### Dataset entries

=== Begin Enclosure ===

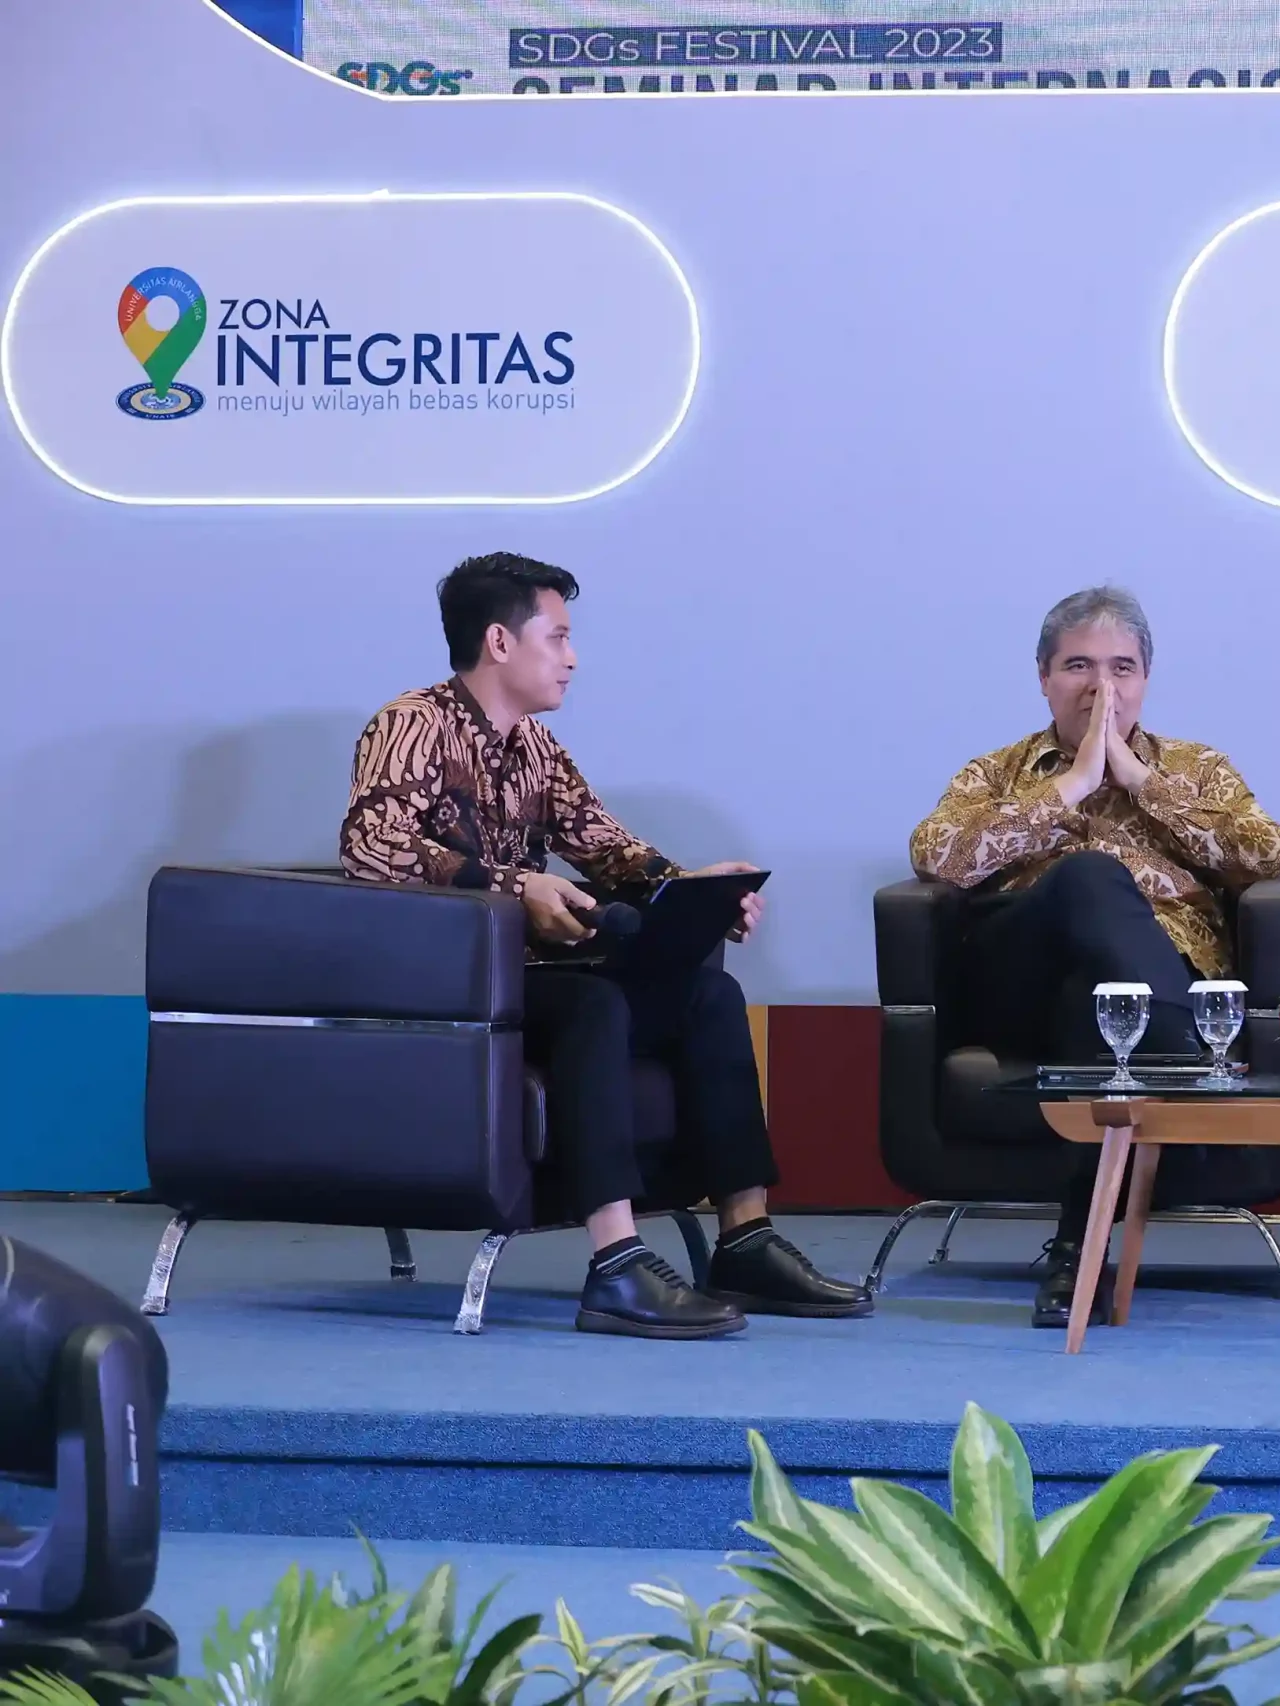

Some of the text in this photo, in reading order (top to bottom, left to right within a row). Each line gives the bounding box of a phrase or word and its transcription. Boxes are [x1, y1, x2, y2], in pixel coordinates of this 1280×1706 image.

[518, 27, 994, 63] SDGs FESTIVAL 2023
[124, 276, 168, 323] UNIVERSITAS
[217, 298, 331, 331] ZONA
[217, 331, 575, 387] INTEGRITAS
[217, 389, 304, 416] menuju
[311, 388, 400, 416] wilayah
[408, 387, 479, 411] bebas
[486, 386, 576, 416] korupsi
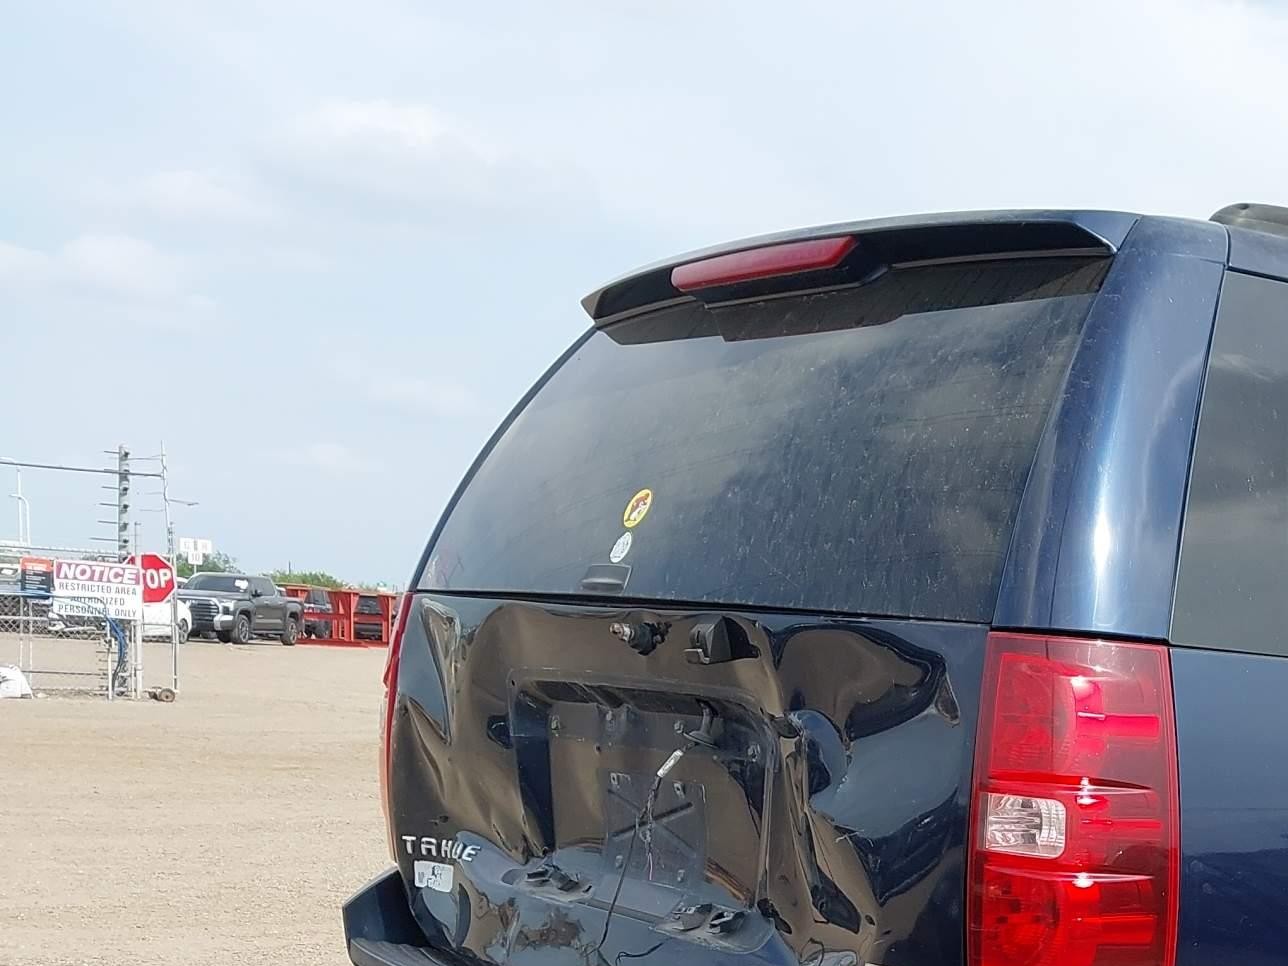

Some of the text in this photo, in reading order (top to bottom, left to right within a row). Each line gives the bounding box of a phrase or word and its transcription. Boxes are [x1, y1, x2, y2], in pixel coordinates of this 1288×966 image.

[59, 563, 138, 585] NOTICE
[142, 568, 172, 590] OP
[58, 581, 137, 596] RESTRICTED AREA
[58, 604, 137, 617] PERSONNEL ONLY
[401, 834, 482, 862] TAHOE
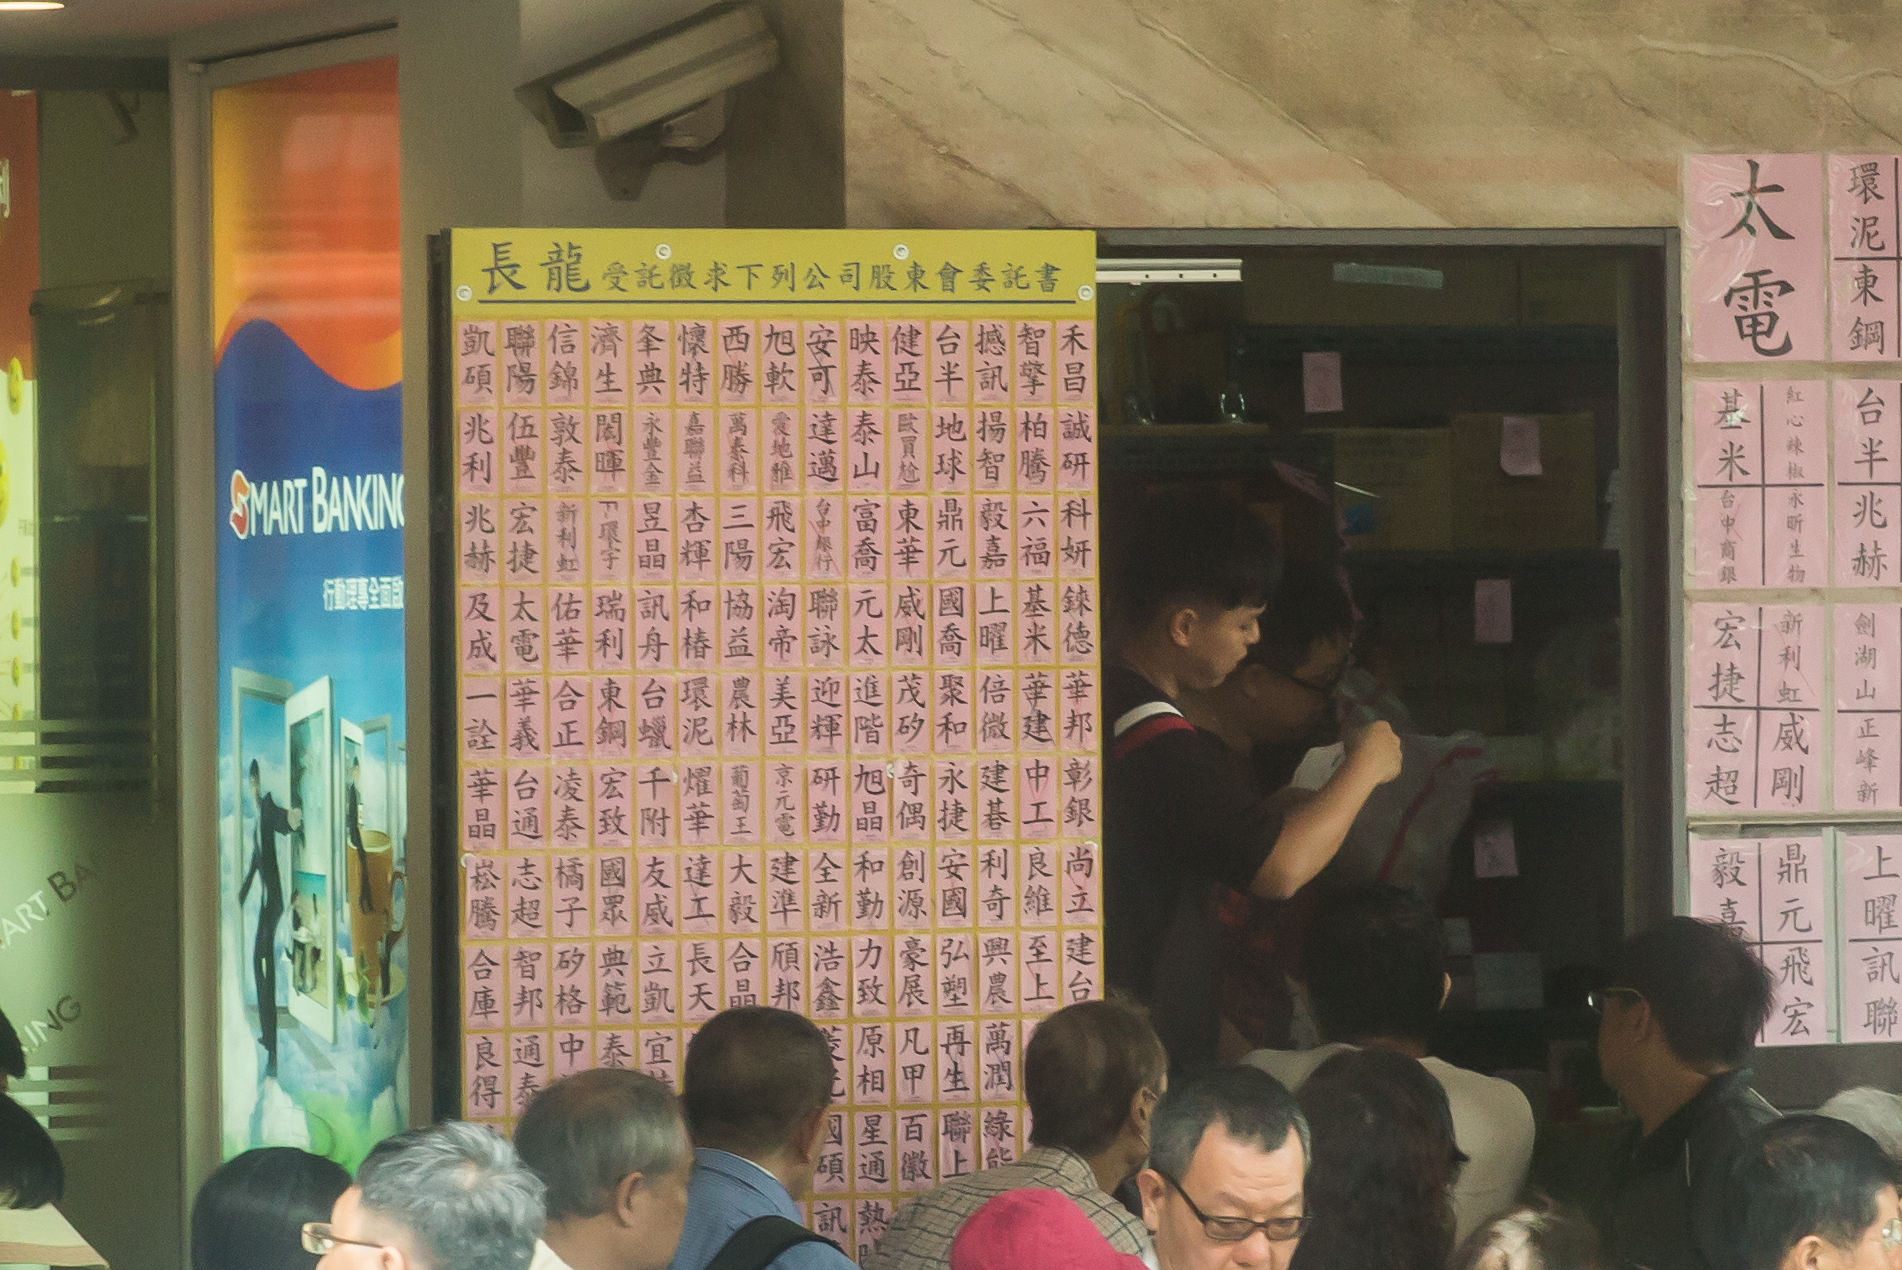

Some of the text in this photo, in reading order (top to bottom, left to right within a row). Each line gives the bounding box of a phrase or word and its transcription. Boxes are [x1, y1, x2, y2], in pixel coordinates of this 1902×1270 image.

[1848, 162, 1886, 252] 環泥
[481, 241, 1061, 294] 長龍 受託徵求下列公司股東會委託書
[1721, 159, 1796, 357] 太電
[461, 324, 496, 394] 凱碩
[548, 323, 578, 396] 信錦
[591, 322, 623, 394] 濟生
[677, 322, 710, 395] 懷特
[764, 324, 796, 395] 旭軟
[850, 323, 882, 397] 映泰
[892, 324, 922, 392] 健亞
[934, 324, 964, 397] 台半
[1060, 324, 1093, 394] 禾昌
[460, 411, 494, 487] 兆利
[550, 412, 582, 484] 敦泰
[807, 411, 839, 486] 達邁
[851, 410, 882, 479] 泰山
[933, 412, 967, 484] 地球
[976, 411, 1007, 485] 揚智
[1015, 411, 1050, 485] 柏騰
[1060, 411, 1092, 482] 誠研
[1854, 387, 1888, 479] 台半
[506, 502, 539, 574] 宏捷
[636, 502, 669, 570] 昱晶
[680, 501, 711, 571] 杏輝
[723, 504, 755, 572] 三陽
[766, 500, 796, 570] 飛宏
[852, 498, 883, 572] 富喬
[894, 499, 924, 573] 東華
[937, 498, 967, 568] 鼎元
[1016, 500, 1051, 571] 六福
[462, 592, 497, 665] 及成
[510, 591, 540, 663] 太電
[594, 590, 626, 660] 瑞利
[637, 590, 670, 663] 訊舟
[680, 589, 712, 659] 和椿
[849, 589, 883, 656] 元太
[934, 585, 967, 657] 國喬
[975, 586, 1010, 655] 上曜
[1708, 610, 1745, 703] 宏捷
[462, 693, 498, 750] 一詮
[505, 678, 540, 752] 華義
[549, 680, 585, 748] 合正
[727, 676, 757, 743] 農林
[769, 675, 798, 745] 美亞
[850, 674, 884, 749] 進階
[893, 673, 926, 748] 茂矽
[934, 674, 968, 748] 聚和
[1064, 758, 1095, 828] 彰銀
[1705, 713, 1742, 805] 志超
[463, 768, 498, 843] 華晶
[506, 769, 543, 842] 台通
[593, 767, 629, 841] 宏致
[638, 766, 671, 838] 千附
[731, 764, 752, 835] 葡萄王
[808, 766, 841, 834] 研勤
[851, 764, 888, 837] 旭晶
[511, 858, 543, 929] 志超
[555, 857, 587, 928] 橘子
[729, 854, 759, 925] 大毅
[809, 852, 843, 922] 全新
[853, 850, 885, 926] 和勤
[894, 850, 927, 925] 創源
[980, 848, 1011, 921] 利奇
[1777, 843, 1812, 933] 鼎元
[1863, 846, 1900, 934] 上曜
[465, 949, 500, 1026] 合庫
[512, 950, 544, 1025] 智邦
[554, 947, 588, 1023] 矽格
[639, 945, 677, 1021] 立凱
[852, 938, 890, 1014] 力致
[895, 936, 929, 1012] 豪展
[935, 938, 970, 1011] 弘塑
[1862, 947, 1900, 1036] 訊聯
[470, 1036, 502, 1109] 良得
[857, 1025, 885, 1095] 原相
[901, 1027, 930, 1095] 凡甲
[940, 1025, 972, 1092] 再生
[984, 1022, 1013, 1091] 萬潤
[858, 1114, 889, 1182] 星通
[942, 1110, 972, 1178] 聯上

=== End Enclosure ===

### Directions for this task
Set each line of the records down again exactly as it reads. Omit the pictures.

### Output for this exercise
Some of the text in this photo, in reading order (top to bottom, left to right within a row). Each line gives the bounding box of a phrase or word and its transcription. Boxes are [x1, y1, x2, y2], in pixel coordinates of this 1280×1706 image.

[518, 27, 994, 63] SDGs FESTIVAL 2023
[124, 276, 168, 323] UNIVERSITAS
[217, 298, 331, 331] ZONA
[217, 331, 575, 387] INTEGRITAS
[217, 389, 304, 416] menuju
[311, 388, 400, 416] wilayah
[408, 387, 479, 411] bebas
[486, 386, 576, 416] korupsi

Some of the text in this photo, in reading order (top to bottom, left to right within a row). Each line gives the bounding box of a phrase or word and its transcription. Boxes are [x1, y1, x2, y2], in pixel coordinates of this 1288×966 image.

[59, 563, 138, 585] NOTICE
[142, 568, 172, 590] OP
[58, 581, 137, 596] RESTRICTED AREA
[58, 604, 137, 617] PERSONNEL ONLY
[401, 834, 482, 862] TAHOE

Some of the text in this photo, in reading order (top to bottom, left to right within a row). Each line gives the bounding box of a phrase or word and its transcription. Boxes are [x1, y1, x2, y2], in pixel coordinates of this 1902×1270 image.

[1848, 162, 1886, 252] 環泥
[481, 241, 1061, 294] 長龍 受託徵求下列公司股東會委託書
[1721, 159, 1796, 357] 太電
[461, 324, 496, 394] 凱碩
[548, 323, 578, 396] 信錦
[591, 322, 623, 394] 濟生
[677, 322, 710, 395] 懷特
[764, 324, 796, 395] 旭軟
[850, 323, 882, 397] 映泰
[892, 324, 922, 392] 健亞
[934, 324, 964, 397] 台半
[1060, 324, 1093, 394] 禾昌
[460, 411, 494, 487] 兆利
[550, 412, 582, 484] 敦泰
[807, 411, 839, 486] 達邁
[851, 410, 882, 479] 泰山
[933, 412, 967, 484] 地球
[976, 411, 1007, 485] 揚智
[1015, 411, 1050, 485] 柏騰
[1060, 411, 1092, 482] 誠研
[1854, 387, 1888, 479] 台半
[506, 502, 539, 574] 宏捷
[636, 502, 669, 570] 昱晶
[680, 501, 711, 571] 杏輝
[723, 504, 755, 572] 三陽
[766, 500, 796, 570] 飛宏
[852, 498, 883, 572] 富喬
[894, 499, 924, 573] 東華
[937, 498, 967, 568] 鼎元
[1016, 500, 1051, 571] 六福
[462, 592, 497, 665] 及成
[510, 591, 540, 663] 太電
[594, 590, 626, 660] 瑞利
[637, 590, 670, 663] 訊舟
[680, 589, 712, 659] 和椿
[849, 589, 883, 656] 元太
[934, 585, 967, 657] 國喬
[975, 586, 1010, 655] 上曜
[1708, 610, 1745, 703] 宏捷
[462, 693, 498, 750] 一詮
[505, 678, 540, 752] 華義
[549, 680, 585, 748] 合正
[727, 676, 757, 743] 農林
[769, 675, 798, 745] 美亞
[850, 674, 884, 749] 進階
[893, 673, 926, 748] 茂矽
[934, 674, 968, 748] 聚和
[1064, 758, 1095, 828] 彰銀
[1705, 713, 1742, 805] 志超
[463, 768, 498, 843] 華晶
[506, 769, 543, 842] 台通
[593, 767, 629, 841] 宏致
[638, 766, 671, 838] 千附
[731, 764, 752, 835] 葡萄王
[808, 766, 841, 834] 研勤
[851, 764, 888, 837] 旭晶
[511, 858, 543, 929] 志超
[555, 857, 587, 928] 橘子
[729, 854, 759, 925] 大毅
[809, 852, 843, 922] 全新
[853, 850, 885, 926] 和勤
[894, 850, 927, 925] 創源
[980, 848, 1011, 921] 利奇
[1777, 843, 1812, 933] 鼎元
[1863, 846, 1900, 934] 上曜
[465, 949, 500, 1026] 合庫
[512, 950, 544, 1025] 智邦
[554, 947, 588, 1023] 矽格
[639, 945, 677, 1021] 立凱
[852, 938, 890, 1014] 力致
[895, 936, 929, 1012] 豪展
[935, 938, 970, 1011] 弘塑
[1862, 947, 1900, 1036] 訊聯
[470, 1036, 502, 1109] 良得
[857, 1025, 885, 1095] 原相
[901, 1027, 930, 1095] 凡甲
[940, 1025, 972, 1092] 再生
[984, 1022, 1013, 1091] 萬潤
[858, 1114, 889, 1182] 星通
[942, 1110, 972, 1178] 聯上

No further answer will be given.